Radyolojik görüntüde, kompresyon kırığı geçiren omurlar karakteristik "kama şeklinde" bir şekil alır. Bunun nedeni, sıkıştırılmış omurga gövdelerinin genellikle ön kısımlarında çökmesidir.
Sıkıştırma kırıkları: tedavi
Uygun tedavi yönteminin seçimi, hastanın yaşı, kırığın doğası, nörolojik bozuklukların varlığı veya osteoporozun bir arada bulunması gibi çeşitli faktörlerden etkilenir.
Bir kompresyon kırığının tedavisi konservatif olabilir ve şunları içerebilir:
- dinlenme
- omurganın rahatlaması ve stabilizasyonu - ortopedik korselerin kullanımı dahil - Jevetta korse
- analjezik tedavi
- rehabilitasyon tedavileri
- osteoporozun farmakolojik tedavisi
Cerrahi tedaviler şunları içerir:
- örneğin vidalarla klasik stabilizasyon yöntemleri
Ve esas olarak osteoporotik kırıklarda kullanılır:
- vertebroplasti
- kifoplasti
Yukarıdaki iki tür prosedür, beyin cerrahları ve ortopedistlerin alanıdır. Düşük invazivlik ile karakterizedirler. Özel trokarlar kullanılarak kırık çekirdeğe kemik çimentosu sokulmasından oluşurlar.

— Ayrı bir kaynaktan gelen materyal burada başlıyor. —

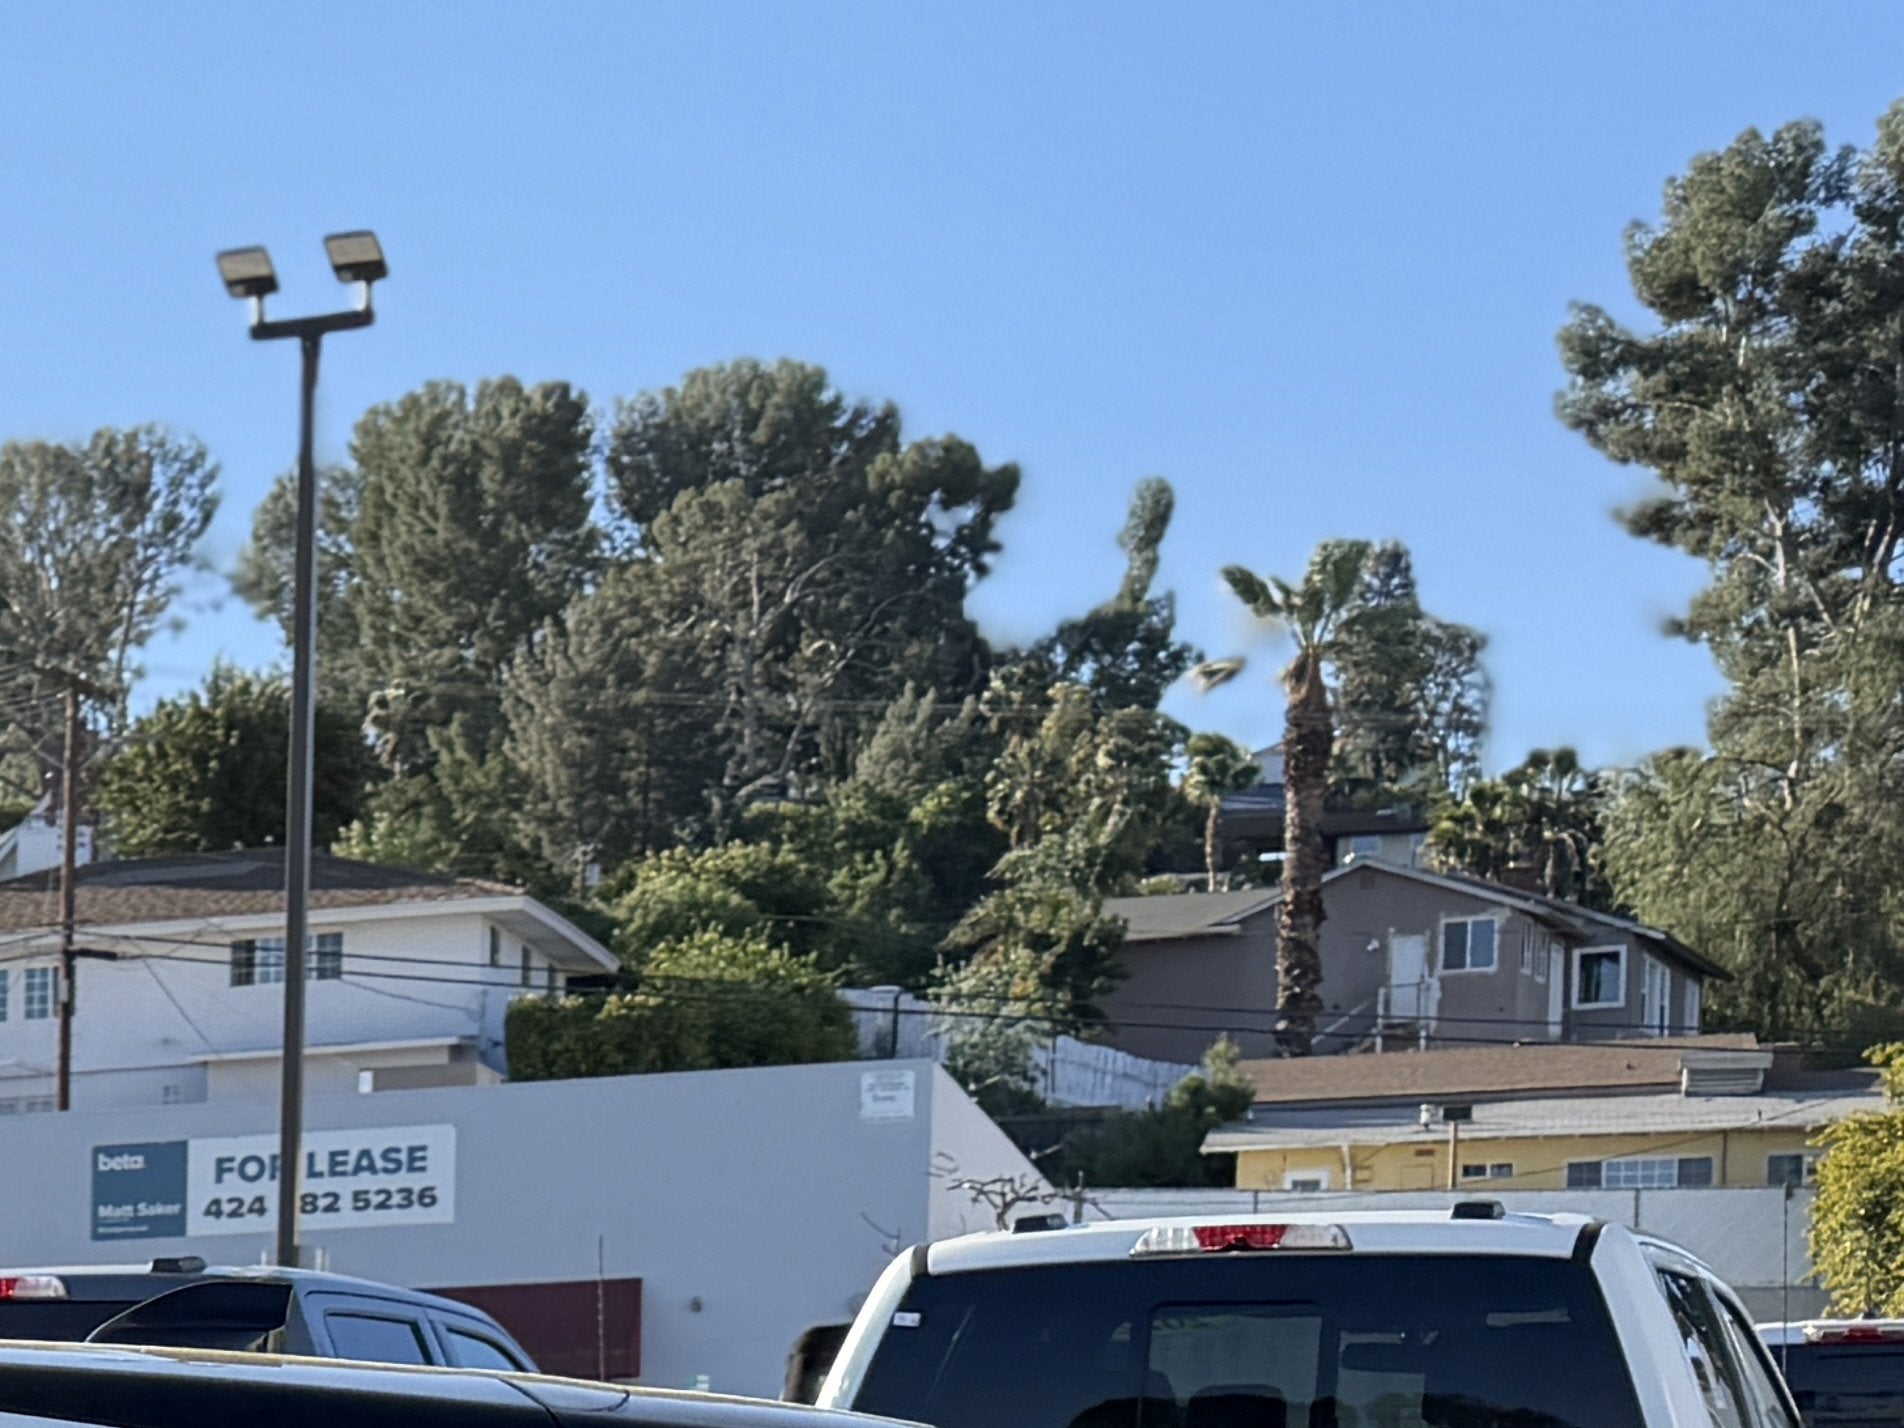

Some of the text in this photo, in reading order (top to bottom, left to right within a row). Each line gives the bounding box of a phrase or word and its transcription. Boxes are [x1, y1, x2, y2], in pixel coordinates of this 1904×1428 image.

[305, 1145, 428, 1180] LEASE
[203, 1186, 438, 1220] 424 82 5236

Bu işlemler X ışınlarının kontrolü altında yapılır ve küçük bir deri ponksiyonu yapılması yeterlidir.
Hastalar hızla fiziksel aktiviteye geri dönerler ve vakaların büyük çoğunluğunda ağrı yoğunluğunda bir azalma yaşarlar.

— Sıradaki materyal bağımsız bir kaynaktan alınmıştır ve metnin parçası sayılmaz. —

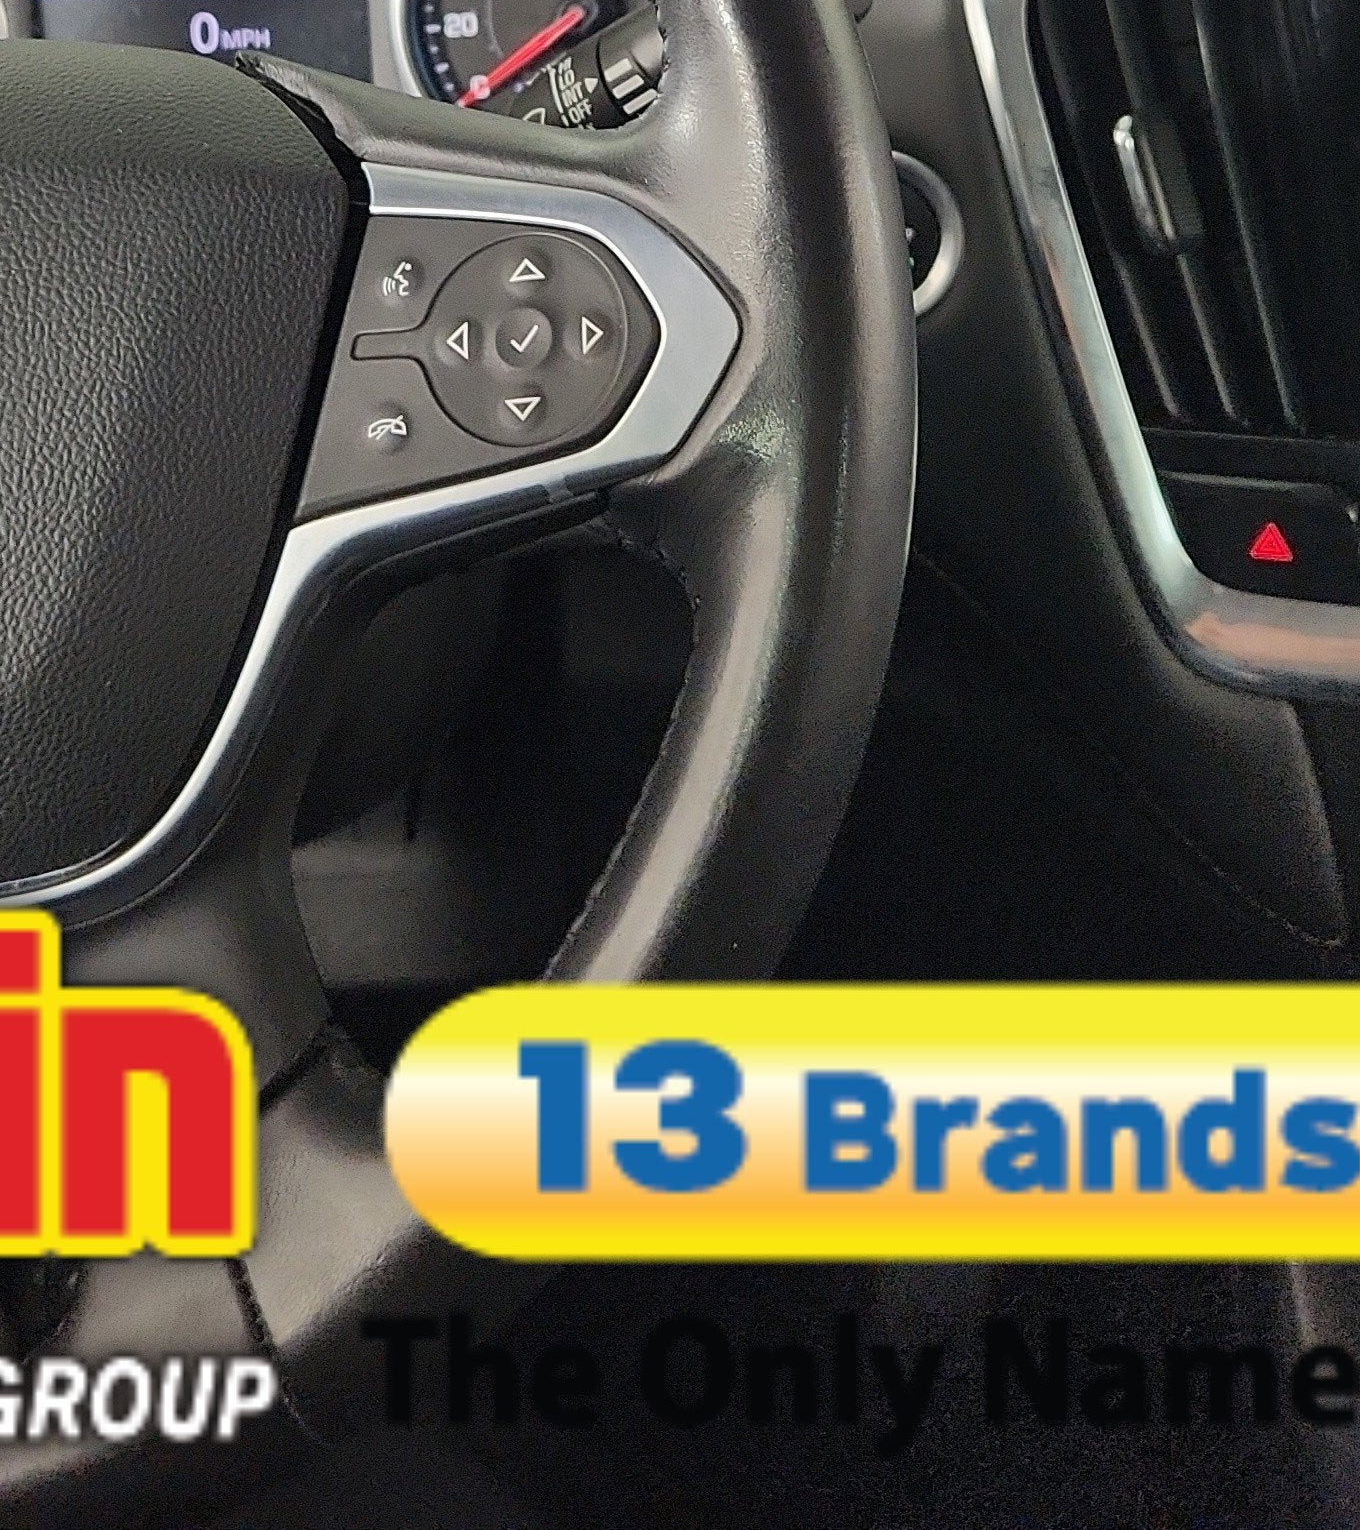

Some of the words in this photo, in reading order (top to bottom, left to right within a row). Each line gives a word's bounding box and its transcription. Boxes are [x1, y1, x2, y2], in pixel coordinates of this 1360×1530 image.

[443, 11, 479, 39] 20
[558, 69, 576, 91] LO
[561, 80, 585, 107] INT
[568, 97, 593, 125] OFF

Ana hedefleri stabilizasyon, ağrı kesici ve şaft yüksekliğinin restorasyonudur (kifoplasti durumunda).
Vertebroplasti genellikle lokal anestezi altında yapılır (yaşlılarda ve başka hastalıkları olanlarda genel anestezi riskini ortadan kaldırır) ancak sadece stabilizasyon sağlar.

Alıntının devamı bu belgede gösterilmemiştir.